Daniel maintains that rather than mixing makeup and skincare, the best thing to do is layer your products so they can work to their best ability. ‘Layering skincare is key to getting the very best results from your products, rather than pre-mixing before application,’ he explains. ‘Pre-combined makeup with SPF shouldn’t be relied upon as your only source of sun protection, as it is unlikely that you would apply enough of the product to ensure sufficient UV protection.’

That doesn’t mean you can’t use pre-combined SPF makeup products at all. ‘There are many tinted SPFs out there which combine the two processes together without reducing the efficiency and protection,’ says Dr Paris. ‘There are also many foundations and makeup products that contain SPF within their formula so this could be another option.

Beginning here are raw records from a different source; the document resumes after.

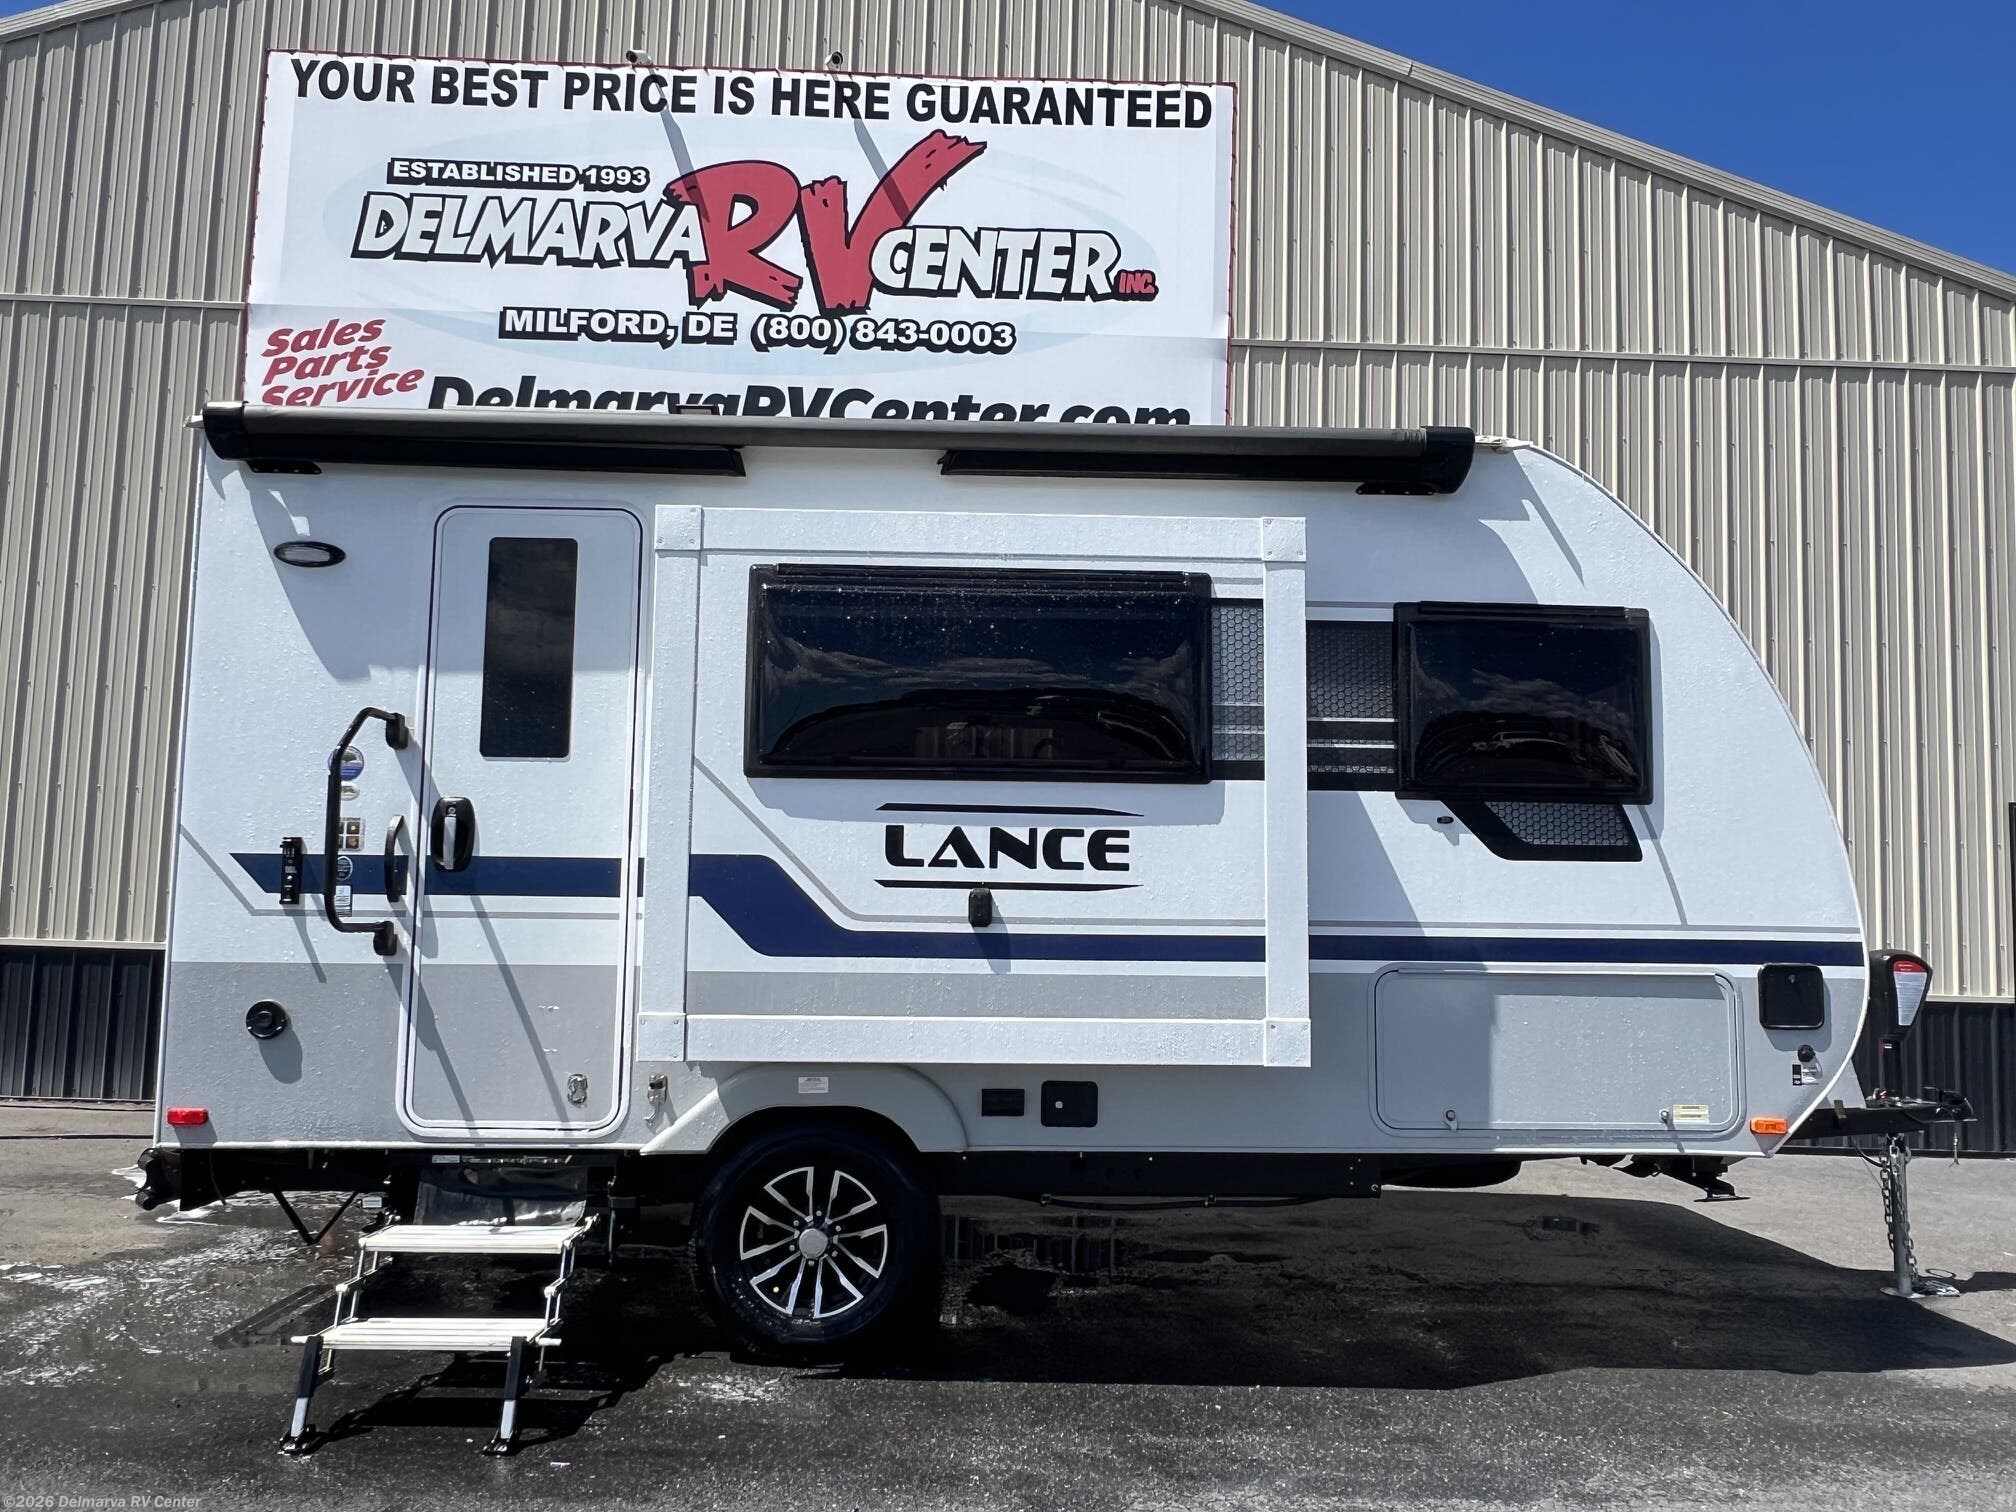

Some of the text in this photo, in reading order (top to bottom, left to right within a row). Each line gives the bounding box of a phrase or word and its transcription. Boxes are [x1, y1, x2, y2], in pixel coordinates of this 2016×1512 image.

[291, 58, 1212, 128] YOUR BEST PRICE IS HERE GUARANTEED
[392, 160, 649, 187] ESTABLISHED 1993
[353, 193, 710, 266] DELMARVA
[664, 130, 987, 314] RV
[870, 226, 1122, 298] CENTER
[261, 318, 387, 357] Sales
[504, 308, 1015, 351] MILFORD, DE (800) 843-0003
[262, 345, 392, 386] Parts
[262, 369, 425, 407] Service
[428, 376, 1191, 425] DelmarvaRVCentercom
[885, 825, 1130, 871] LANCE
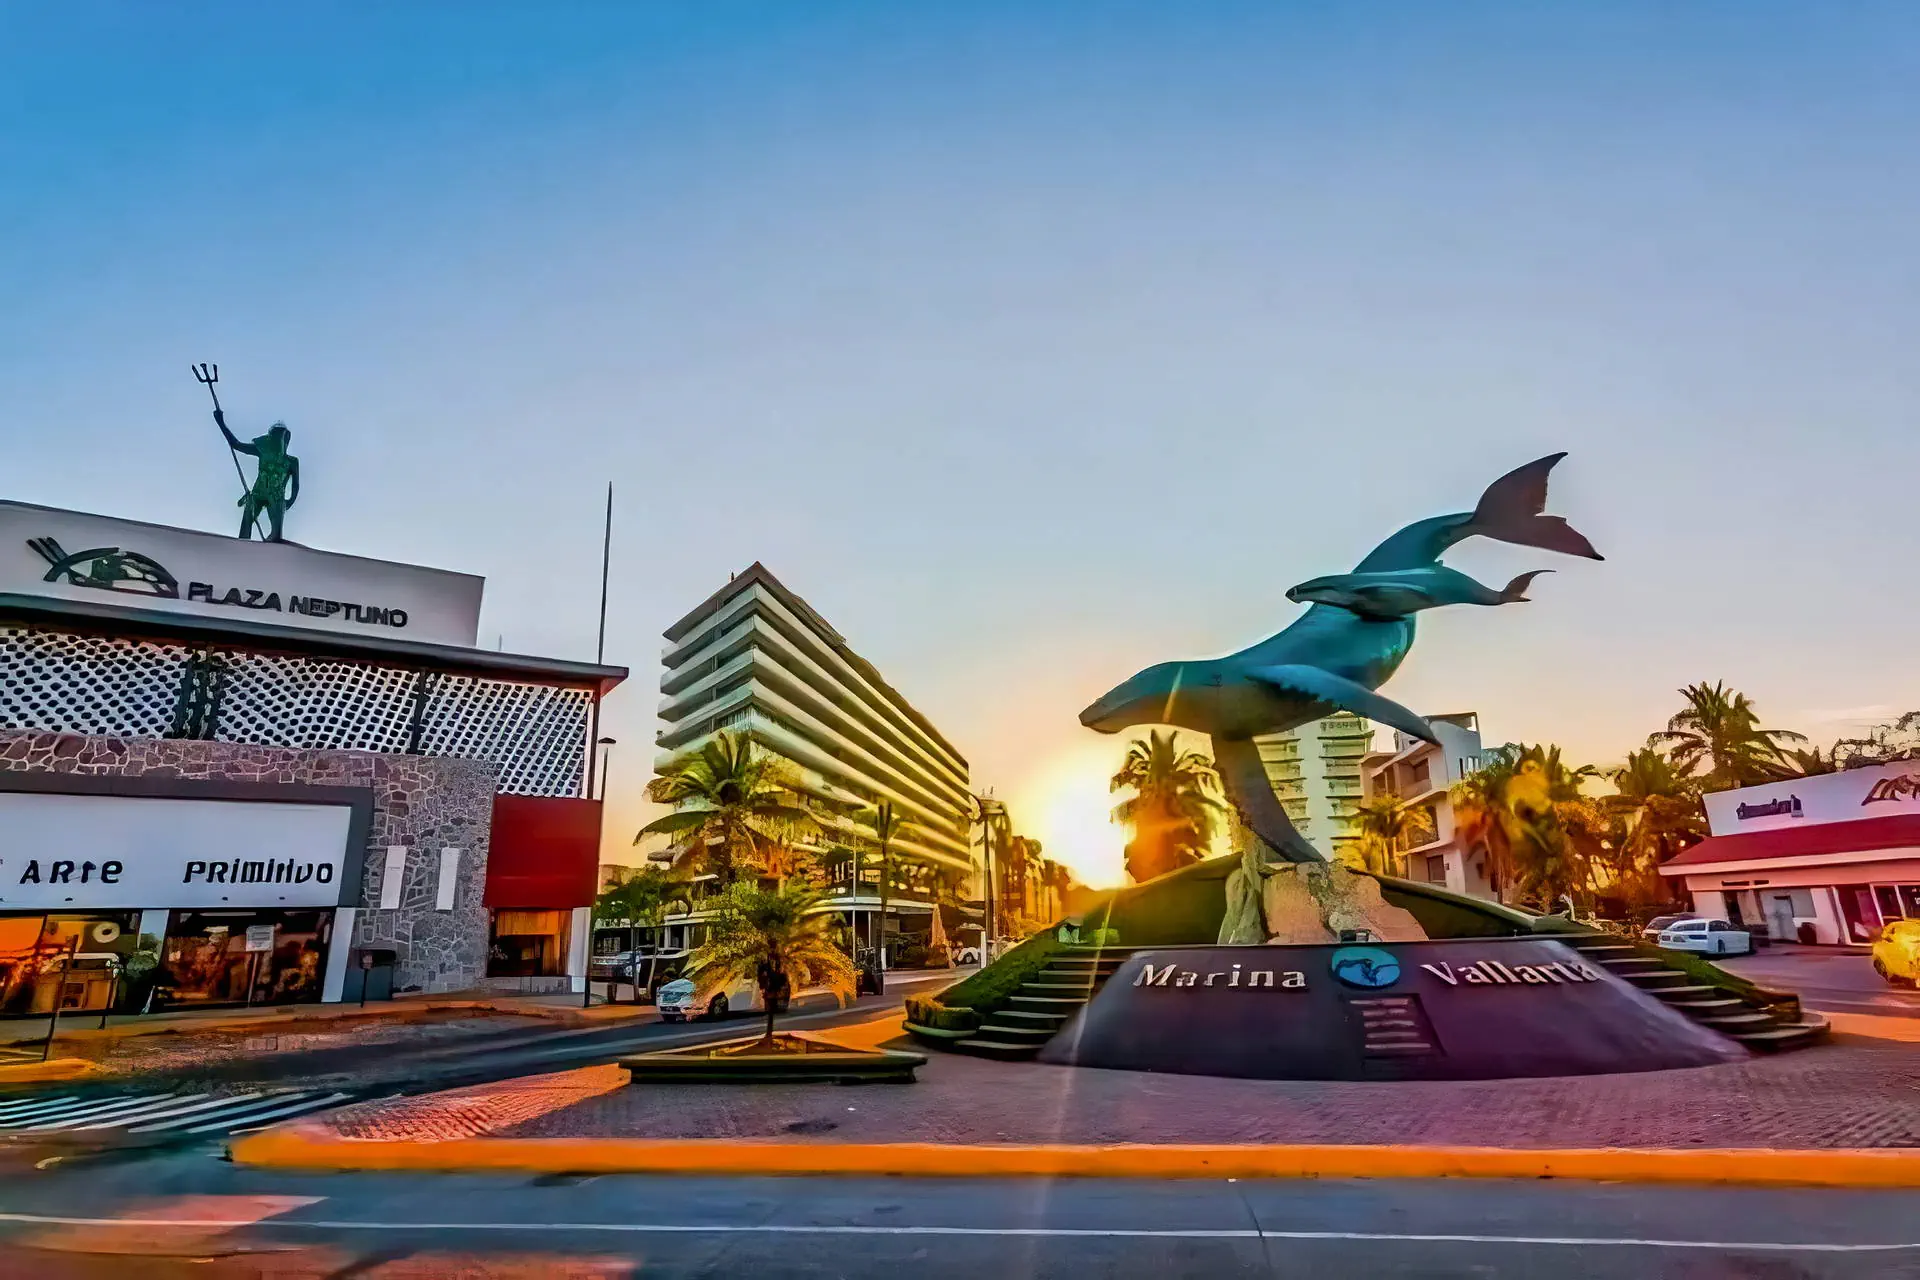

‘However, makeup products usually tend to contain a lower SPF than what is generally recommended for staying safe (SPF 30 and above) and you are unlikely to use the correct amount (two full finger lengths) so I would still always recommend that you use an actual SPF or sunscreen underneath your makeup to ensure adequate protection. Many pre-mixed foundations don’t include a broad spectrum SPF as well, so be mindful of what you are using. It is important to use a broad spectrum SPF as it protects you from both UVA and UVB rays which helps the skin to stay youthful and will help to reduce premature ageing and sunspots.’